A man with a shotgun killed four people and wounded 10 in the central French city of Tours on Monday in what French Prime Minister Lionel Jospin called an "act of murderous madness" by a deranged individual.

Local officials said the man, who was later shot by police and arrested, opened fire on passersby mid-morning in downtown, close to the main post office and railway station, and then turned his weapon on police.

The Tours government office identified the man as a 44-year-old worker for the SNCF state railway and said he may have had a grudge against his employers.

Police sources said the man had been questioned in the hospital, but his answers were incoherent.

A witness told France's LCI television that a man wearing a ski mask had fired on passersby in the center of town, stopping to reload his weapon.

Three passersby were killed near the city's main post office, police said. Another person was killed near the train station.

Television film showed armed police leading the man, dressed in a brown leather jacket and jeans, away from the entrance to an underground parking in handcuffs with blood on his hands.

Armed police, including some 30 members of the crack RAID squad which deals with major shootings and hostage takings, evacuated the city center and surrounded the parking lot.

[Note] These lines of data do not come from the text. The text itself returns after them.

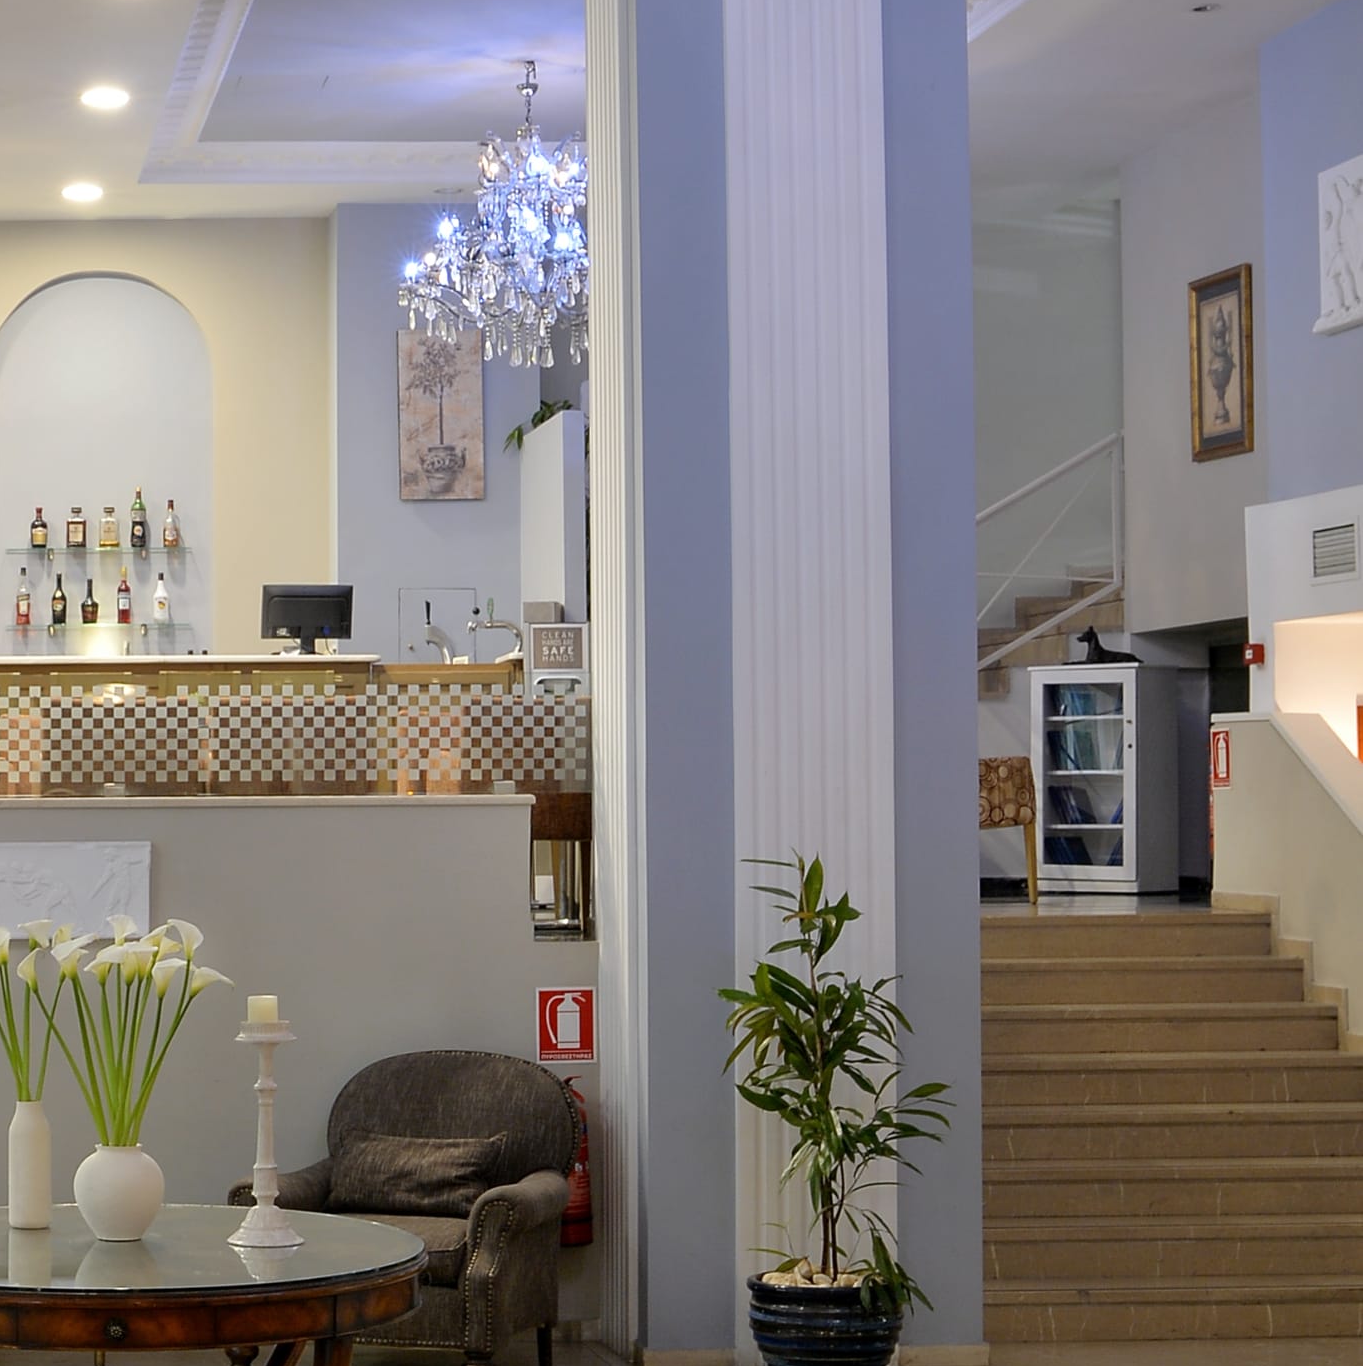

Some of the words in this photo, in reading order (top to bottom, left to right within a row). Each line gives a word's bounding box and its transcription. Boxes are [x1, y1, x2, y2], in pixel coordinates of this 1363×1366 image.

[541, 631, 574, 639] CLEAN
[542, 646, 574, 655] SAFE
[541, 655, 574, 663] HANDS
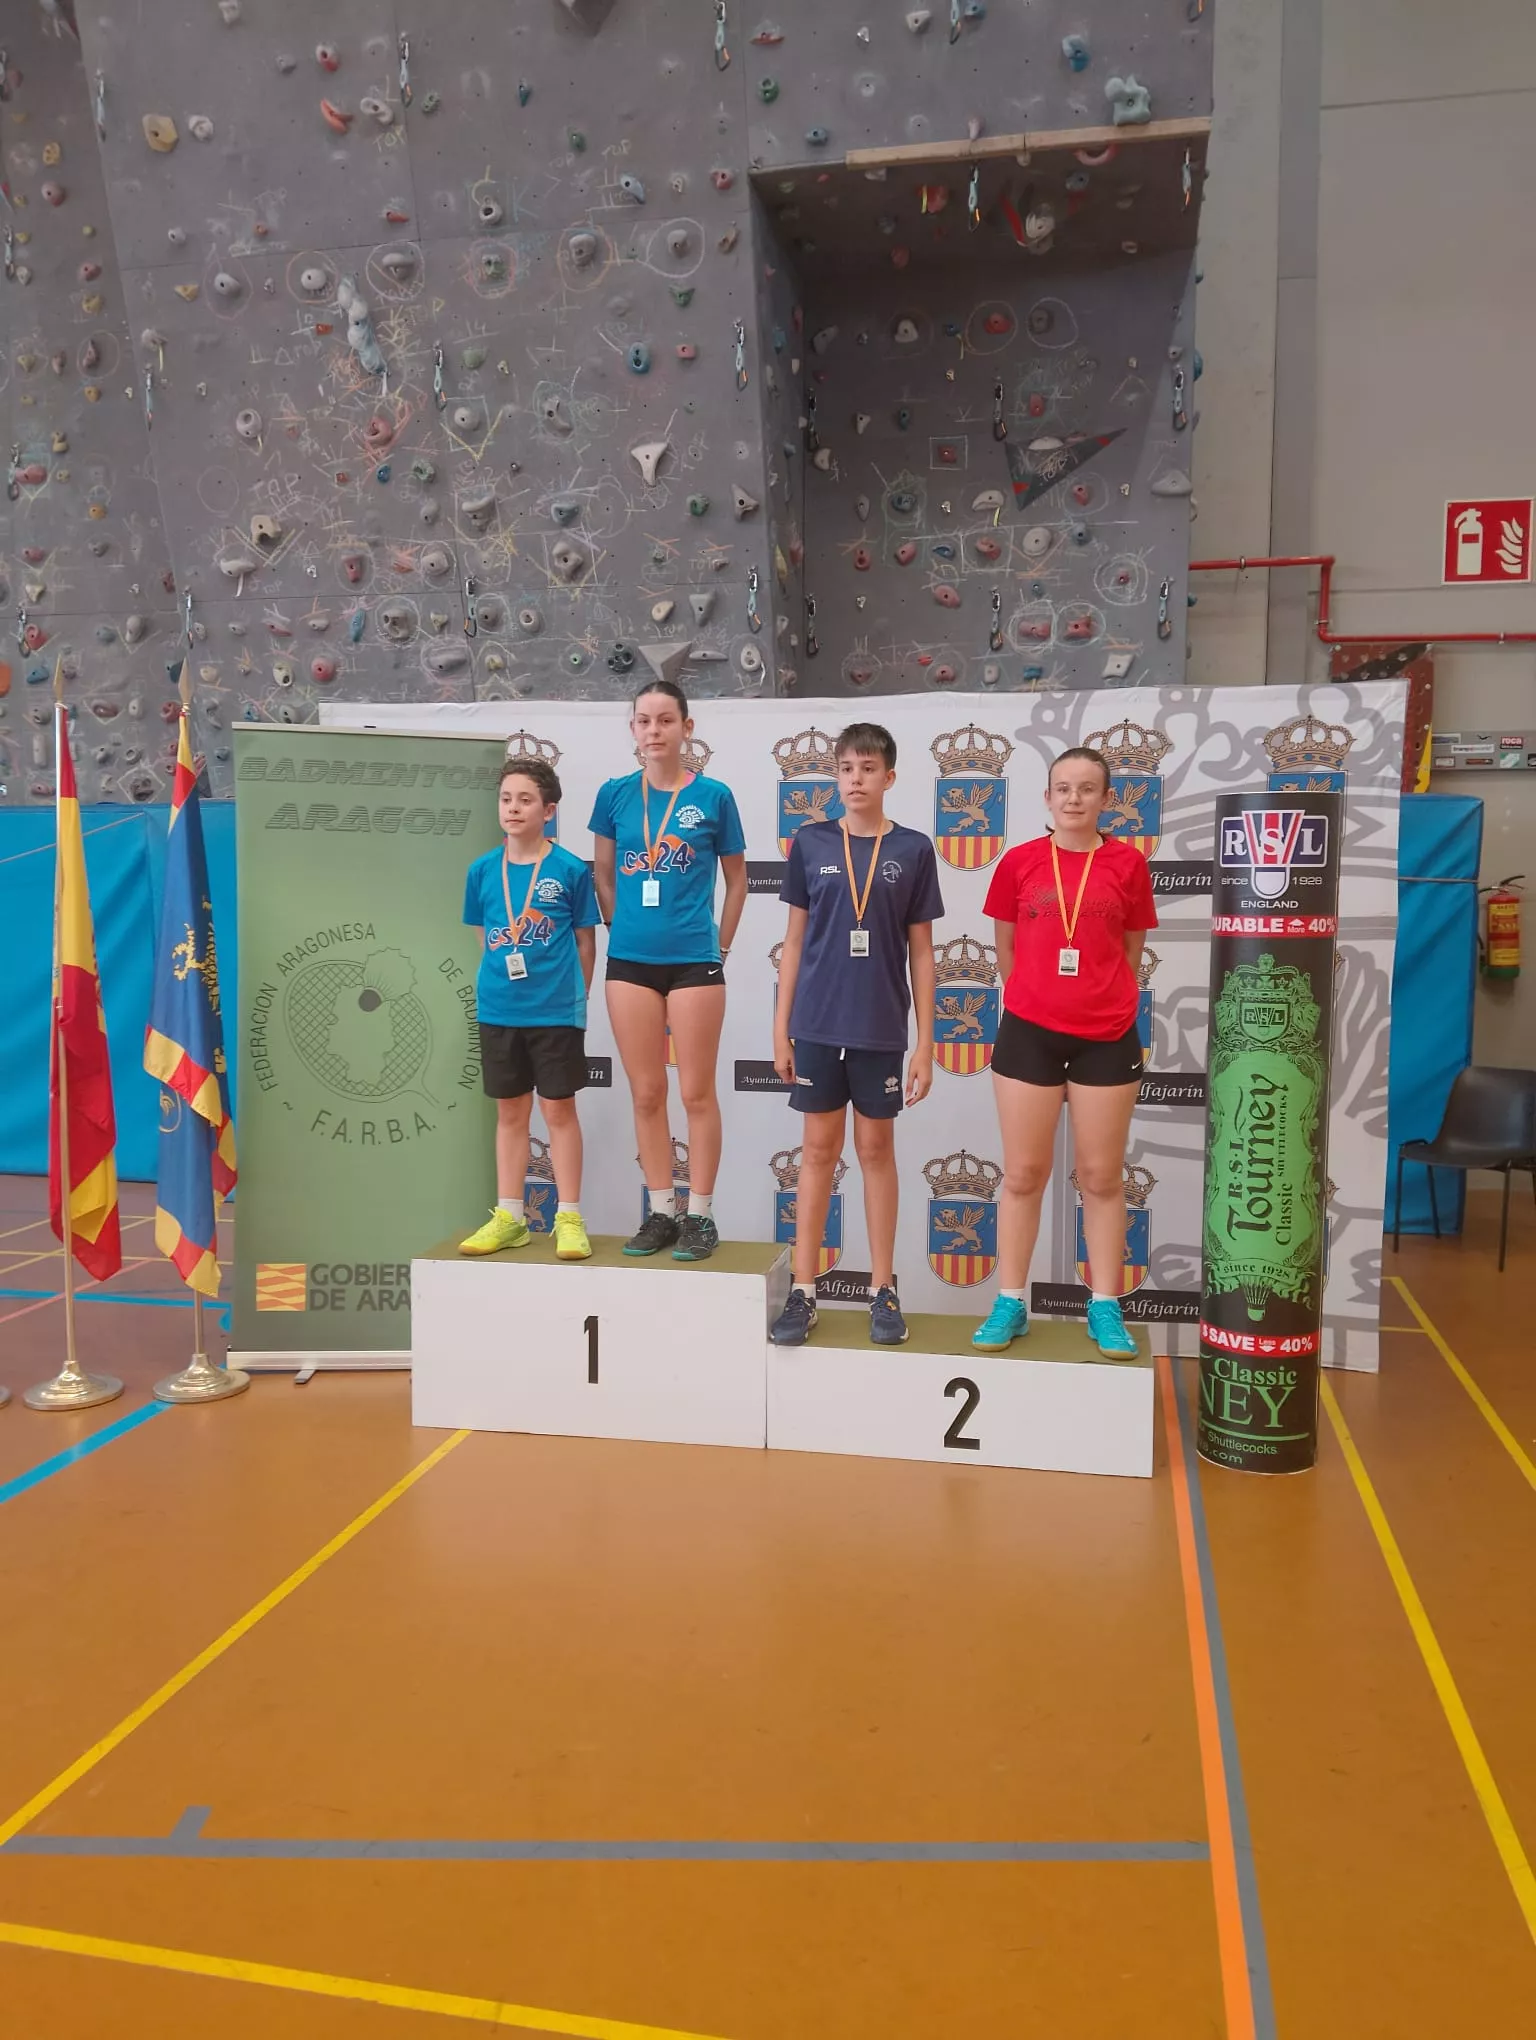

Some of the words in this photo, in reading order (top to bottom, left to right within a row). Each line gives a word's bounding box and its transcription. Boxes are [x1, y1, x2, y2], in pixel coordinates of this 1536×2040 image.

[237, 756, 502, 791] BADMINTON
[265, 802, 472, 836] ARAGON
[820, 865, 841, 875] RSL
[1221, 875, 1249, 885] since
[1241, 900, 1299, 909] ENGLAND
[1308, 918, 1336, 933] 40%
[250, 981, 279, 1092] FEDERACION
[276, 922, 376, 977] ARAGONESA
[438, 957, 463, 983] DE
[1137, 1082, 1204, 1101] lfajarín
[310, 1109, 436, 1146] F.A.R.B.A.
[1226, 1073, 1289, 1241] Tourney
[1275, 1183, 1293, 1246] Classic
[1223, 1263, 1256, 1273] since
[1261, 1265, 1290, 1278] 1928
[309, 1289, 346, 1311] DE
[1121, 1299, 1200, 1319] Alfajarín
[583, 1315, 599, 1384] 1
[1208, 1327, 1255, 1351] SAVE
[1280, 1335, 1313, 1353] 40%
[1214, 1358, 1297, 1386] Classic
[943, 1376, 981, 1451] 2
[1207, 1431, 1277, 1455] Shuttlecocks

Suspicions that an alleged accomplice may have fled into the parking turned out to be unfounded, police said, but the premises were being searched for any explosives.

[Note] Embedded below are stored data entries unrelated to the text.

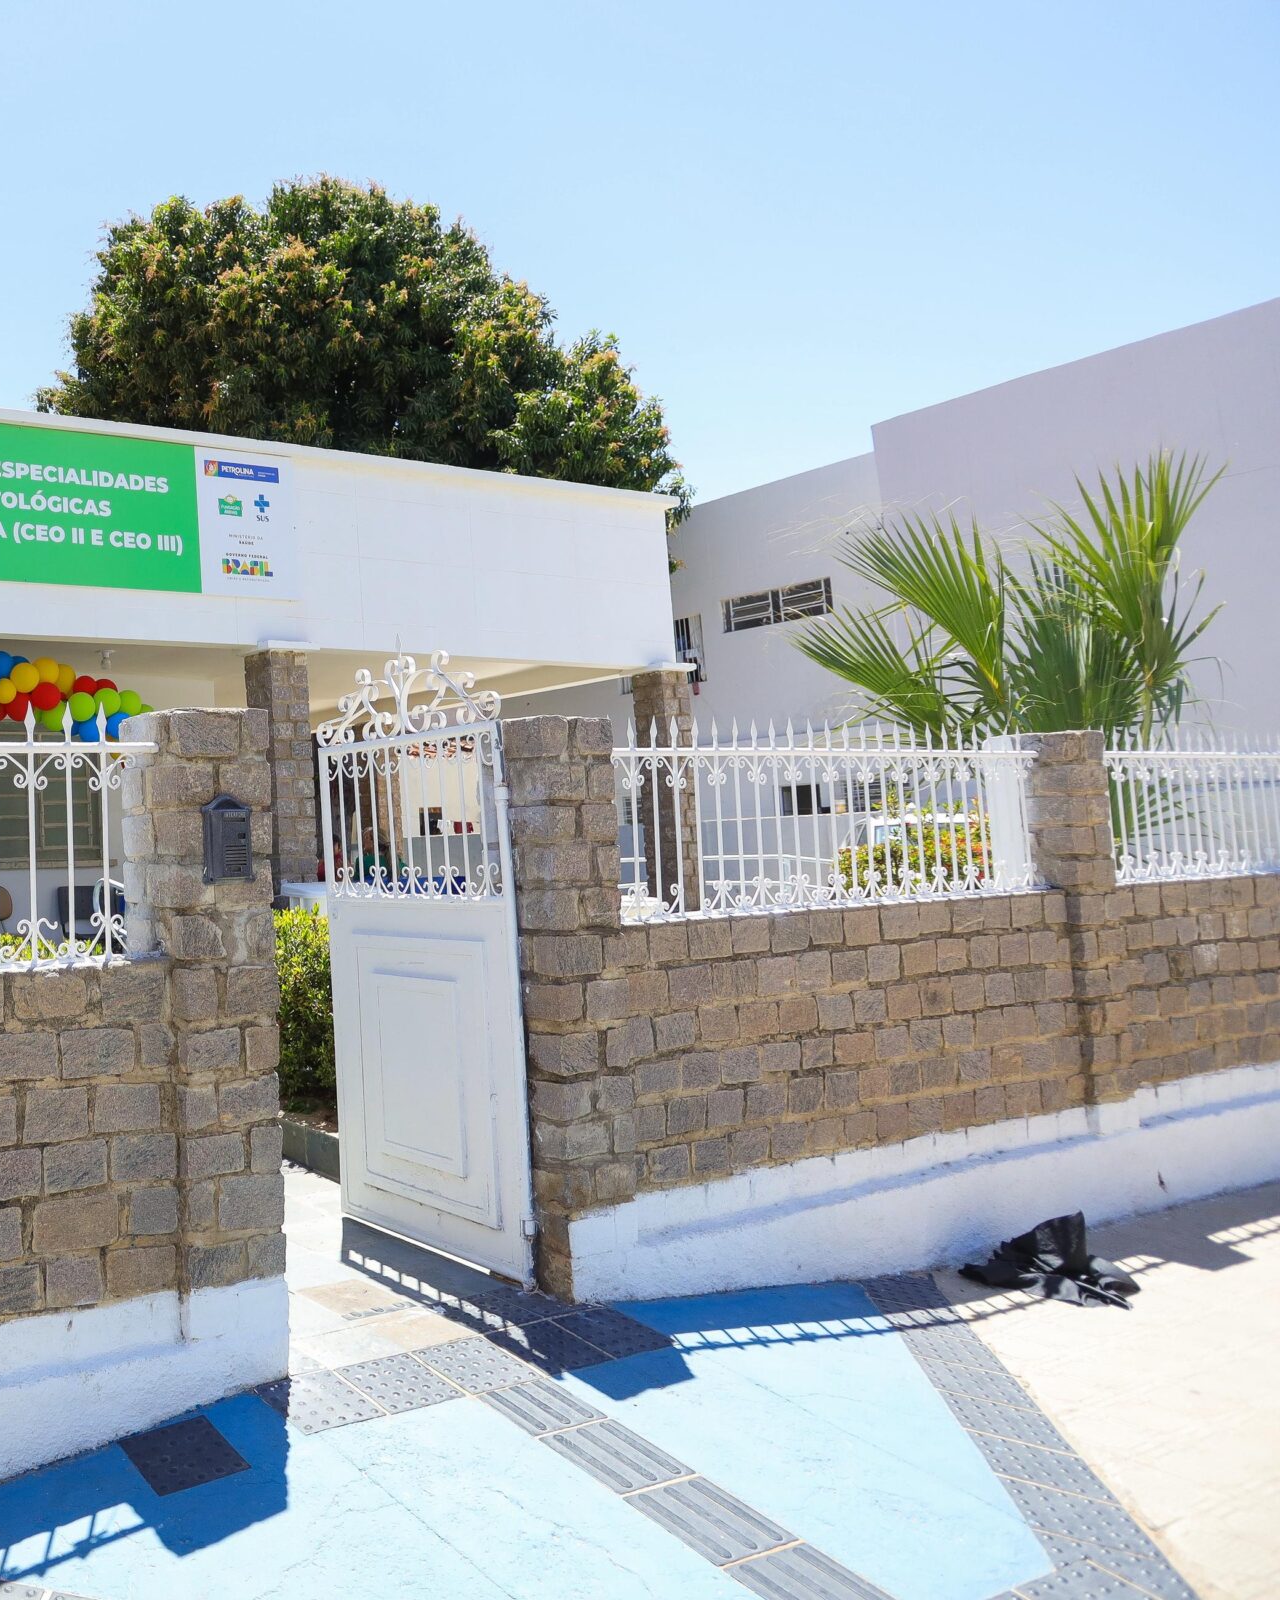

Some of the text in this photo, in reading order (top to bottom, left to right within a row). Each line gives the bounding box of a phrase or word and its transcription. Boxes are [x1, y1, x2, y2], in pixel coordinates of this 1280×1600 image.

[221, 465, 254, 476] PETROLINA
[256, 514, 270, 523] SUS
[13, 521, 65, 544] (CEO
[71, 527, 84, 544] II
[91, 529, 104, 546] E
[109, 530, 151, 550] CEO
[157, 534, 183, 556] III)
[222, 558, 273, 577] BRASIL

Jospin, speaking in the northern city of Rennes where he was on a visit, said the gunman appeared to have been deranged.

"The person who opened fire does not appear to have any criminal record," Jospin told reporters. "It seems to be someone working in the public sector who went crazy."

Local officials identified the dead as four men, between ages 33 and 66. None of the wounded, who included three police officers, was in serious condition.

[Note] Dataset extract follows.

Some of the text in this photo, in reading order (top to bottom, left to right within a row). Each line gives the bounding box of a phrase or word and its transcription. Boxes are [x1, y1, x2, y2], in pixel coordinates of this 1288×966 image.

French security forces have been on high alert since the Sept. 11 hijacked airliner attacks on the United States.

France has increased the number of police and security forces in city centers under an anti-terrorism plan first used in the mid-1990s during bomb attacks by Algerian militants.

Jospin denied there had been a security lapse.

"When someone, if this is the case, is seized by an act of murderous madness, that's not a matter of ordinary security. I don't think the two things should be mixed up," he said.

One of France's police unions, the UNSA, said the shooting highlighted the need for tougher weapons legislation in France, where hunting is a popular pursuit. It called in a statement for the creation of a national register of gun owners.